_Your goal_
Print the full set of records below, character for character and picture-free.

_Excerpted records_

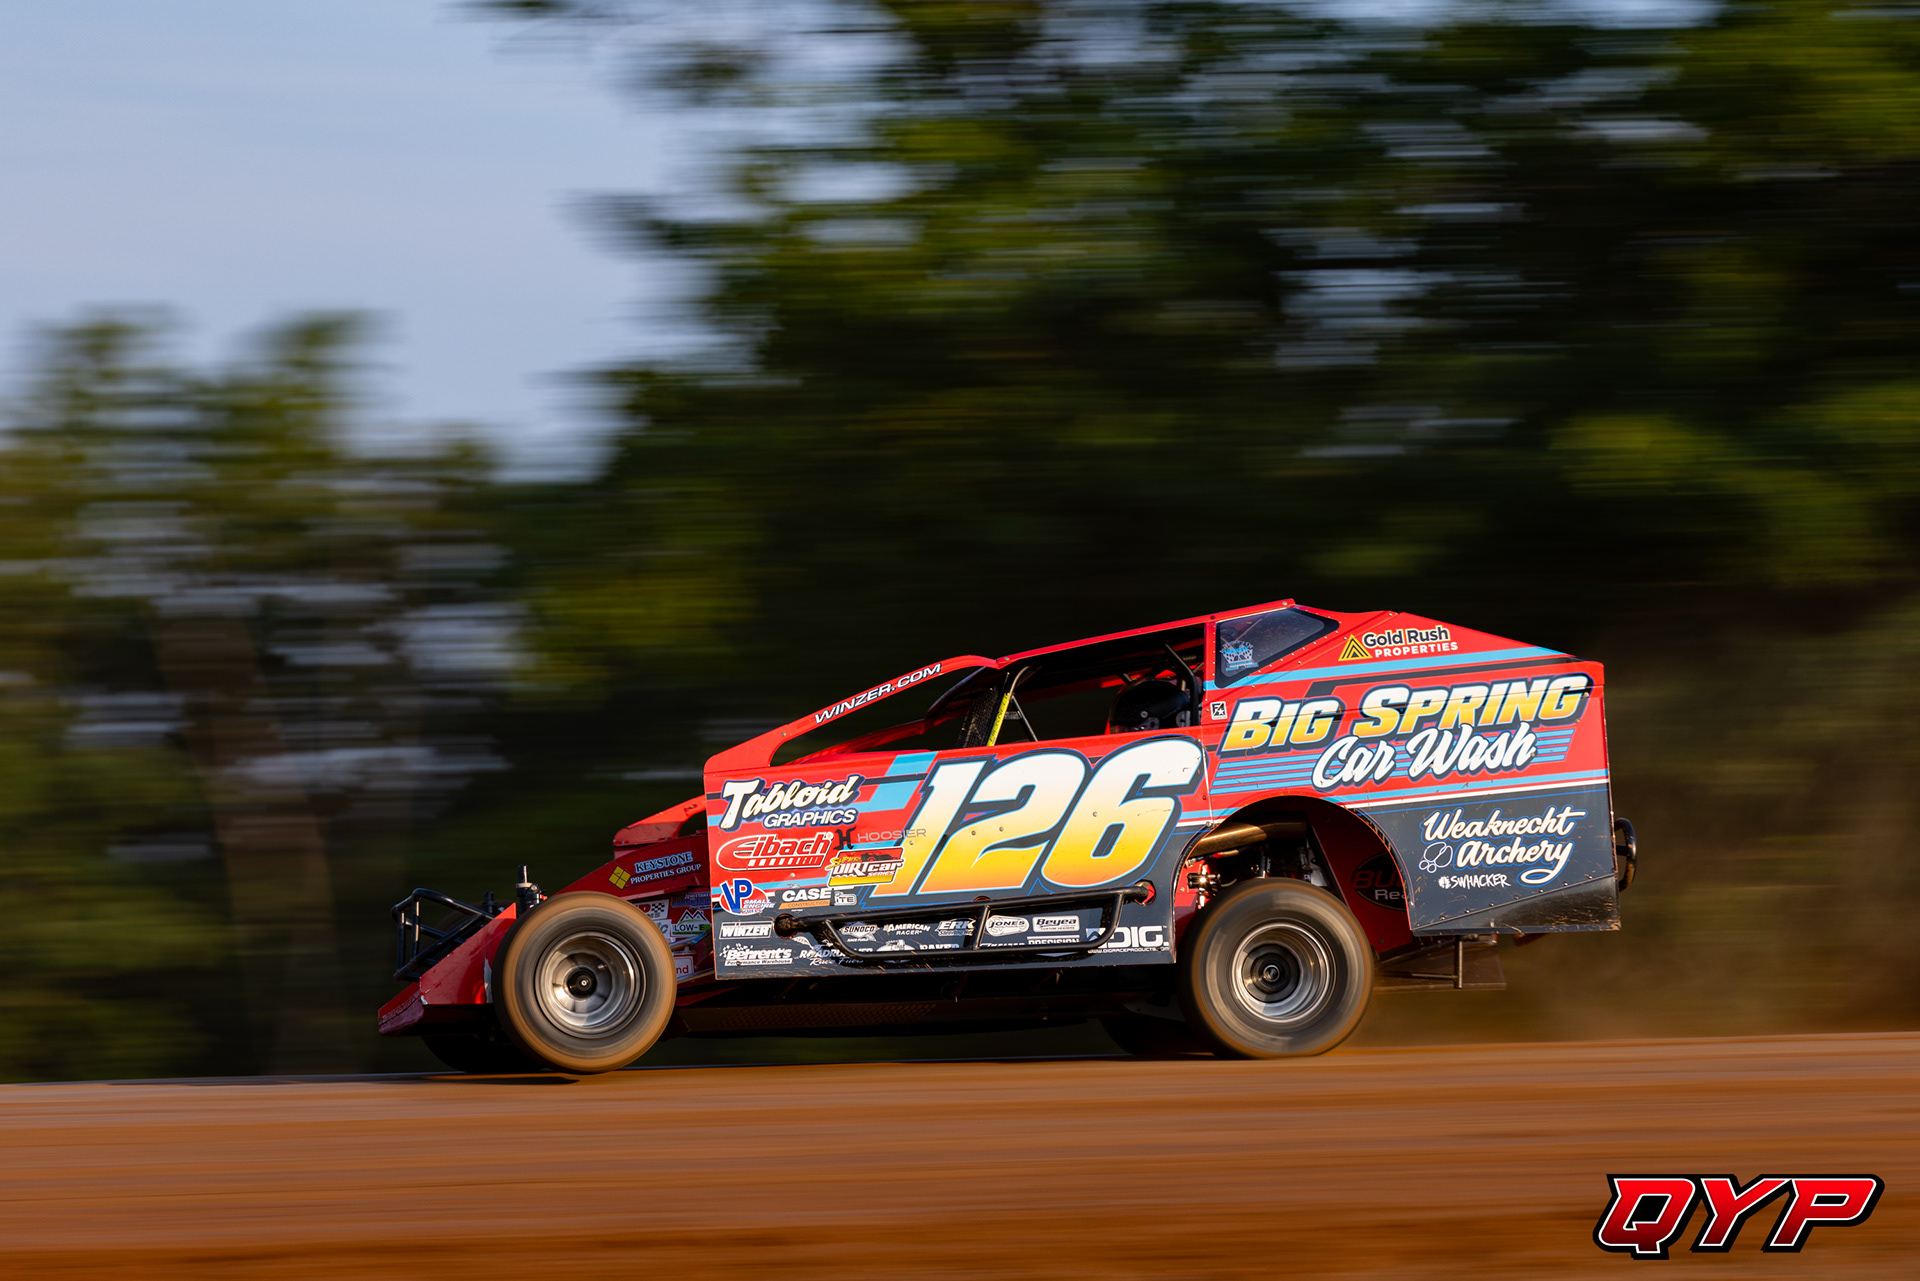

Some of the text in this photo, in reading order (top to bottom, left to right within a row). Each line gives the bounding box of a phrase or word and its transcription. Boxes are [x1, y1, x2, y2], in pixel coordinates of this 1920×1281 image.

[1362, 625, 1450, 648] Gold Rush
[1374, 642, 1459, 658] PROPERTIES
[814, 663, 943, 724] WINZER.COM
[1221, 674, 1590, 753] BIG SPRING
[1310, 722, 1537, 789] Car Wash
[719, 775, 863, 829] Tabloid
[763, 809, 858, 829] GRAPHICS
[869, 739, 1202, 898] 126
[1423, 805, 1587, 842] Weaknecht
[857, 828, 927, 842] HOOSIER
[716, 831, 833, 871] Eibach
[634, 851, 693, 874] KEYSTONE
[630, 863, 702, 885] PROPERTIES GROUP
[1450, 873, 1512, 890] SWHACKER
[719, 878, 753, 914] VP
[781, 887, 832, 902] CASE
[722, 924, 770, 938] WINZER
[843, 925, 876, 933] SUNOCO
[888, 923, 931, 933] AMERICAN
[988, 920, 1026, 929] JONES
[1036, 918, 1077, 927] Beyea
[726, 947, 793, 960] Behrent's

_Output below_
Some of the text in this photo, in reading order (top to bottom, left to right within a row). Each line gives the bounding box of a phrase or word and its transcription. Boxes are [x1, y1, x2, y2], in pixel coordinates of this 1920×1281 image.

[1362, 625, 1450, 648] Gold Rush
[1374, 642, 1459, 658] PROPERTIES
[814, 663, 943, 724] WINZER.COM
[1221, 674, 1590, 753] BIG SPRING
[1310, 722, 1537, 789] Car Wash
[719, 775, 863, 829] Tabloid
[763, 809, 858, 829] GRAPHICS
[869, 739, 1202, 898] 126
[1423, 805, 1587, 842] Weaknecht
[857, 828, 927, 842] HOOSIER
[716, 831, 833, 871] Eibach
[634, 851, 693, 874] KEYSTONE
[630, 863, 702, 885] PROPERTIES GROUP
[1450, 873, 1512, 890] SWHACKER
[719, 878, 753, 914] VP
[781, 887, 832, 902] CASE
[722, 924, 770, 938] WINZER
[843, 925, 876, 933] SUNOCO
[888, 923, 931, 933] AMERICAN
[988, 920, 1026, 929] JONES
[1036, 918, 1077, 927] Beyea
[726, 947, 793, 960] Behrent's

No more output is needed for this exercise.